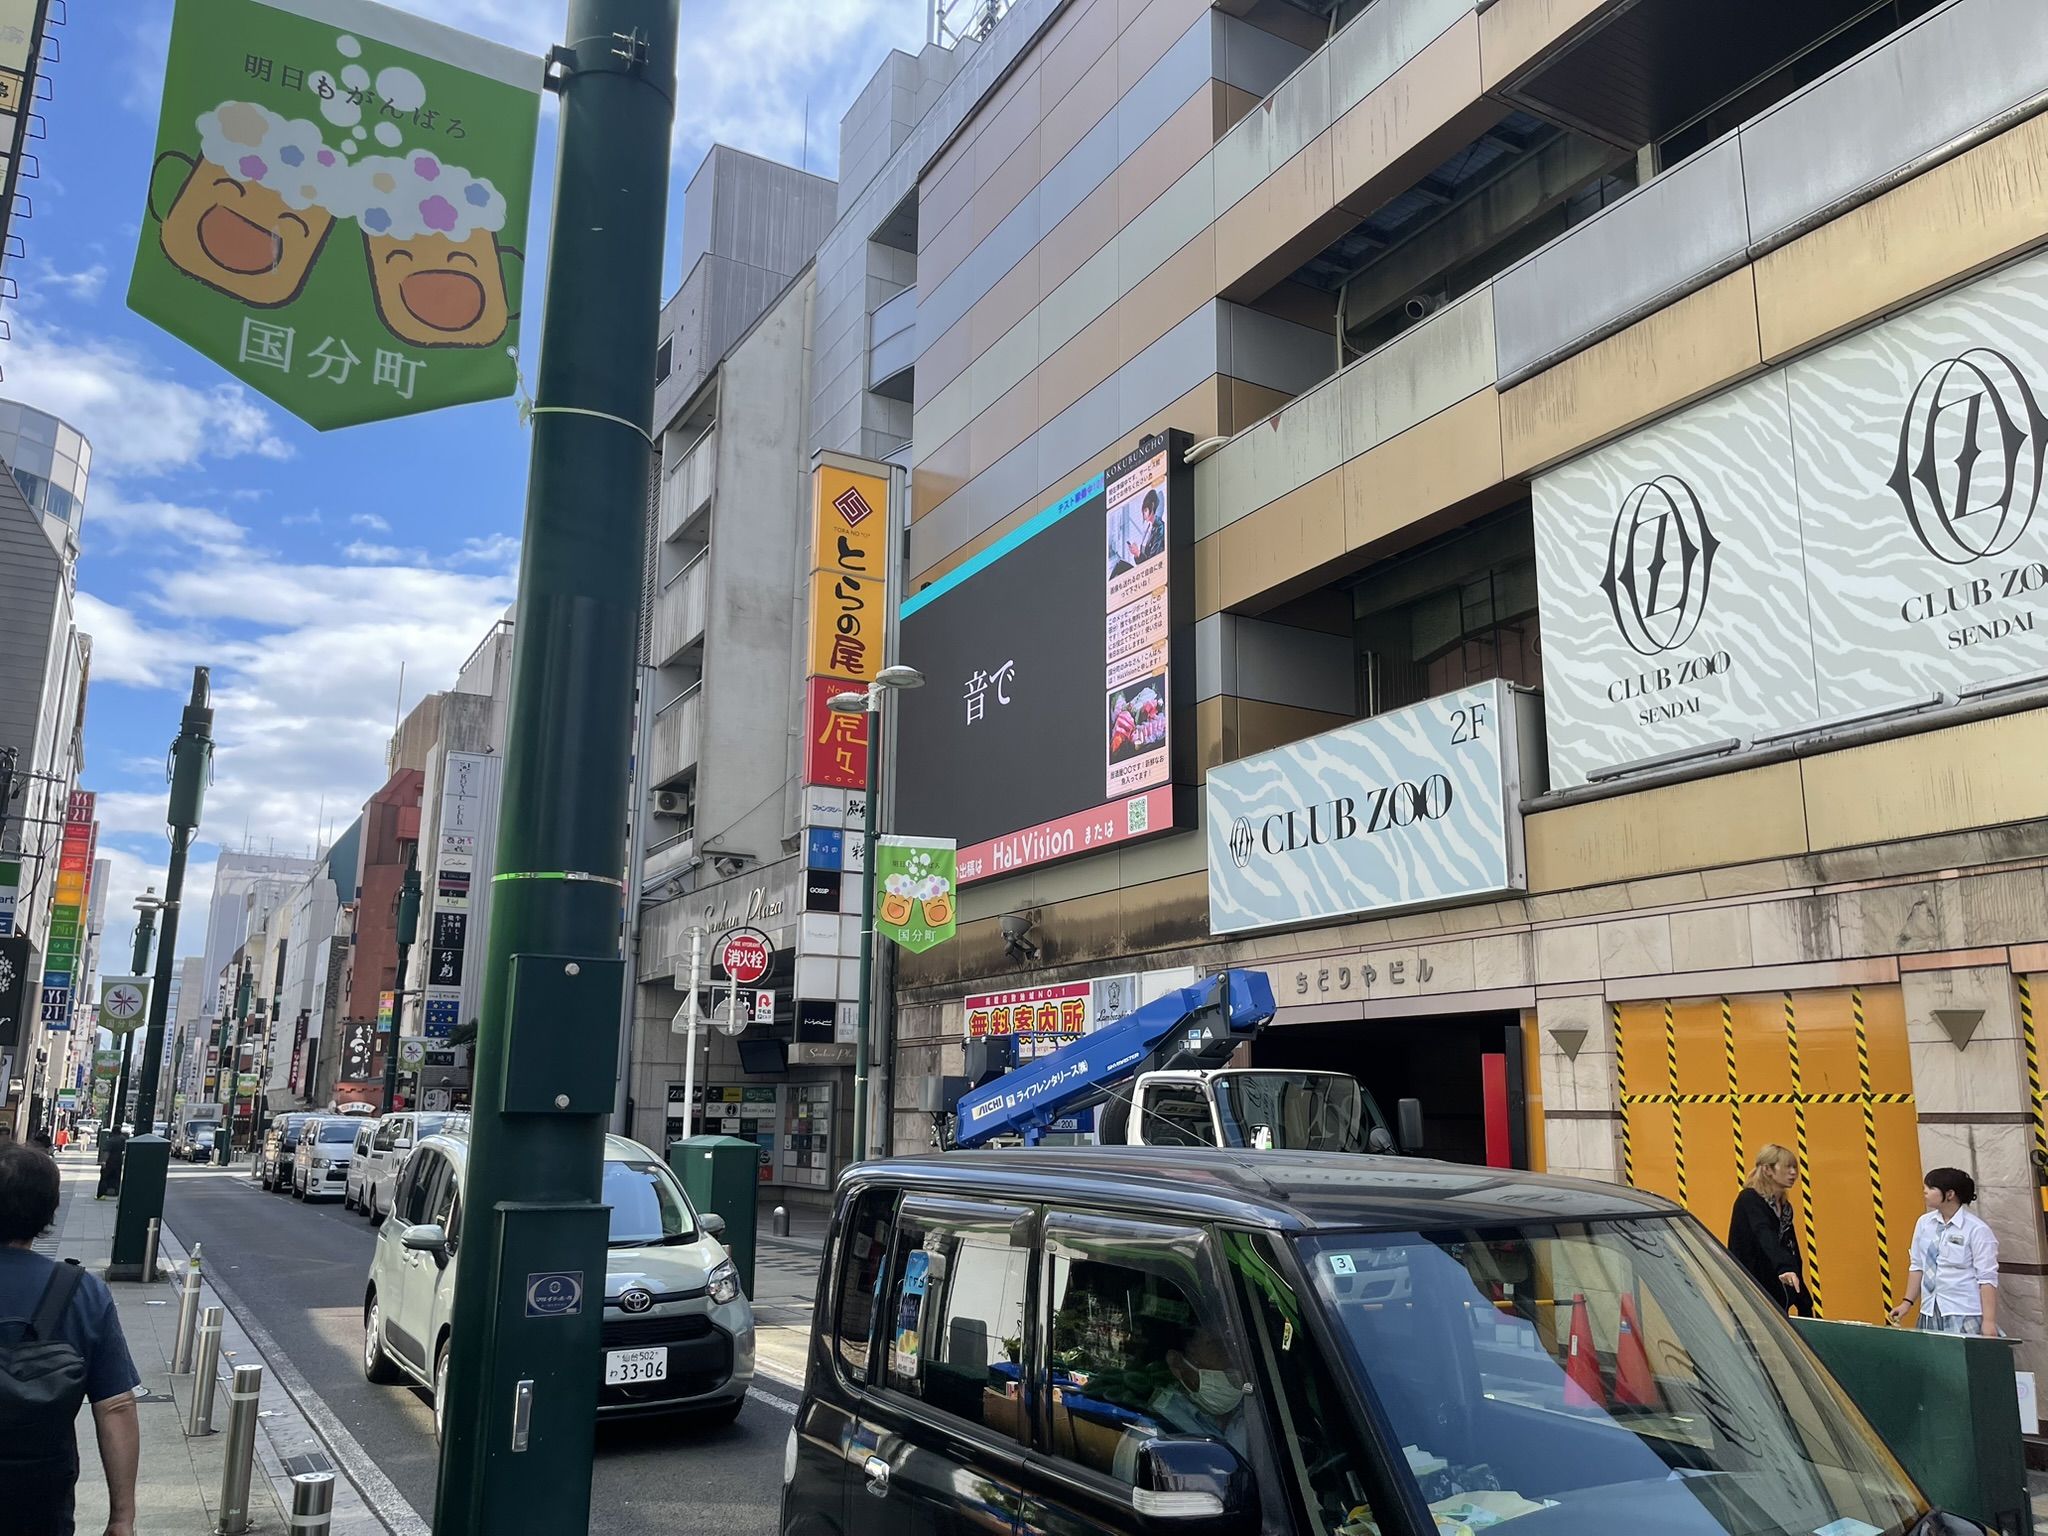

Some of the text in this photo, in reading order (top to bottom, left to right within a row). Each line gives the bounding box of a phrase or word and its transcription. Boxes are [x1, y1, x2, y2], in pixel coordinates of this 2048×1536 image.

[244, 53, 467, 140] 明日もがんばろ
[238, 316, 428, 400] 国分町
[1105, 434, 1164, 480] KOKUBUNCHO
[829, 535, 866, 674] とらの尾
[1901, 562, 2048, 624] CLUB ZO
[1948, 610, 2036, 650] SENDAI
[963, 659, 1015, 726] 音で
[1607, 650, 1731, 703] CLUB ZOO
[1450, 703, 1487, 746] 2F
[1639, 696, 1701, 726] SENDAI
[1084, 819, 1114, 846] または
[1261, 773, 1453, 855] CLUB ZOO
[743, 886, 784, 934] Plaza
[898, 928, 936, 942] 国分町
[727, 948, 764, 968] 消火栓
[1295, 958, 1434, 994] ちどりやビル
[45, 1005, 60, 1019] 21
[106, 1019, 137, 1029] 国分町
[969, 998, 1086, 1044] 無料案内所
[1061, 1119, 1074, 1129] 200
[1336, 1257, 1347, 1269] 3
[620, 1361, 663, 1381] 33-06

===============

**Activity**
Please reproduce each entry exactly as given and omit the pictures.

**Output**
Some of the text in this photo, in reading order (top to bottom, left to right within a row). Each line gives the bounding box of a phrase or word and its transcription. Boxes are [x1, y1, x2, y2], in pixel coordinates of this 2048×1536 image.

[244, 53, 467, 140] 明日もがんばろ
[238, 316, 428, 400] 国分町
[1105, 434, 1164, 480] KOKUBUNCHO
[829, 535, 866, 674] とらの尾
[1901, 562, 2048, 624] CLUB ZO
[1948, 610, 2036, 650] SENDAI
[963, 659, 1015, 726] 音で
[1607, 650, 1731, 703] CLUB ZOO
[1450, 703, 1487, 746] 2F
[1639, 696, 1701, 726] SENDAI
[1084, 819, 1114, 846] または
[1261, 773, 1453, 855] CLUB ZOO
[743, 886, 784, 934] Plaza
[898, 928, 936, 942] 国分町
[727, 948, 764, 968] 消火栓
[1295, 958, 1434, 994] ちどりやビル
[45, 1005, 60, 1019] 21
[106, 1019, 137, 1029] 国分町
[969, 998, 1086, 1044] 無料案内所
[1061, 1119, 1074, 1129] 200
[1336, 1257, 1347, 1269] 3
[620, 1361, 663, 1381] 33-06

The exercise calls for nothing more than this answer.